Although the dynamic panel model shows that geopolitical risk has, on average, a negative impact on firm profitability, this result reflects a central tendency that masks important differences across firms and regions. The mean effect is driven mainly by the large number of companies with modest or weak profitability, which are more exposed to external shocks and dominate the global sample. The quantile and regional analyses reveal that the negative average response coexists with heterogeneous outcomes, i.e., fragile firms experience pronounced declines, while highly profitable or well-diversified firms display resilience and, in some cases, benefit from market reallocation during periods of geopolitical tension. Taken together, these findings indicate that the overall negative impact represents an aggregation of asymmetric firm-level responses, shaped by differences in financial strength, adaptive capacity, and regional structure.
4.6. Quantile Machine Learning
To complement the econometric analysis, we employ a quantile regression framework based on machine learning, specifically quantile random forests. This method is well suited for settings in which relationships between variables may be nonlinear or shaped by complex interactions, since it does not impose parametric assumptions on the functional form linking profitability and its determinants. The approach estimates firm profitability separately at different points of the outcome distribution (10th, 25th, 50th, 75th, and 90th percentiles). For each quantile, we train a dedicated model and evaluate the relevance of explanatory variables through a permutation-based importance measure. The procedure works as follows: first, we obtain baseline predictions and compute the quantile-specific prediction error using the pinball loss function, which is the standard loss for quantile regression. Then, for each explanatory variable, we randomly permute its values across firms while holding the others fixed, re-estimate the predictions, and recalculate the pinball loss. The increase in loss relative to the baseline reflects the marginal contribution of that variable to predictive accuracy at the given quantile. By repeating this procedure across quantiles, we obtain a distributional profile of variable importance that captures heterogeneous effects which conventional parametric quantile regressions may not reveal.
The results presented in
Figure 3 indicate that geopolitical risk has a distinctly distribution-dependent role in shaping profitability.
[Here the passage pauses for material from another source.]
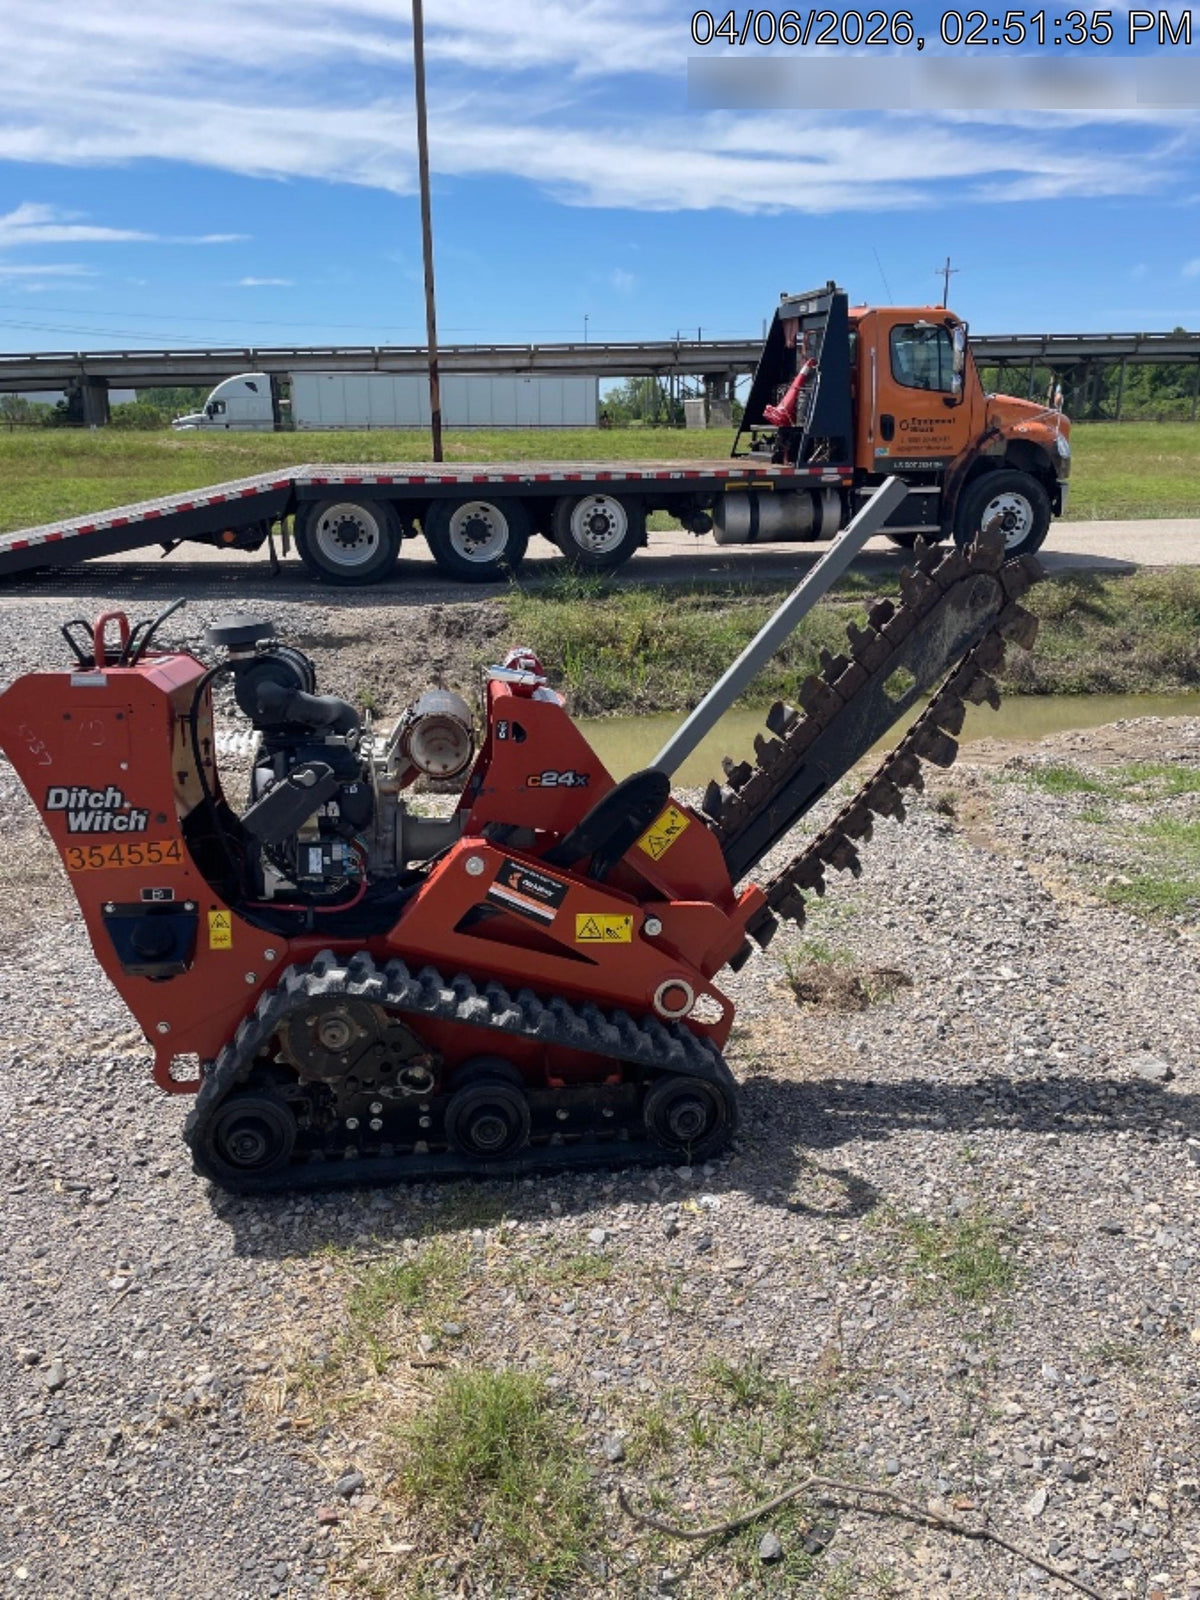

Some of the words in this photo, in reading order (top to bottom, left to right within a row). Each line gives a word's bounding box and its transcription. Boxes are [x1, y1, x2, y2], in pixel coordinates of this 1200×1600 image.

Its relative importance is limited at the extreme tails (10th and 90th percentiles), suggesting that very weak firms may already be constrained by internal inefficiencies, while top-performing firms are more resilient and better able to absorb shocks. By contrast, geopolitical risk becomes more influential in the central part of the distribution, with its highest importance around the median and upper-middle quantiles (50th and 75th). This pattern implies that firms with moderate or moderately high profitability are most exposed to external uncertainty, potentially because they are more engaged in international trade, global supply chains, or investment projects sensitive to political instability. Compared with structural firm-level factors such as total assets or leverage, geopolitical risk exerts a more selective but strategically significant influence, reinforcing the need to account for external shocks when assessing profitability dynamics.
5. Discussions
Our results indicate that weaker firms located at the lower end of the profitability distribution are the most adversely affected by increases in geopolitical risk. This finding carries direct implications for investors and capital markets. The disproportionate exposure of such firms implies that investors may require higher expected returns when allocating capital to them, consistent with evidence on the higher cost of equity under geopolitical uncertainty documented by ref. [
3]. By contrast, more profitable firms appear less sensitive to geopolitical shocks and, in some cases, are even able to exploit them, which supports the notion of “flight to quality” whereby both investors and customers gravitate towards larger and financially stronger companies in periods of turmoil. This reallocation of resources may partly explain why risk premia diverge across firms and why geopolitical shocks accelerate industry consolidation.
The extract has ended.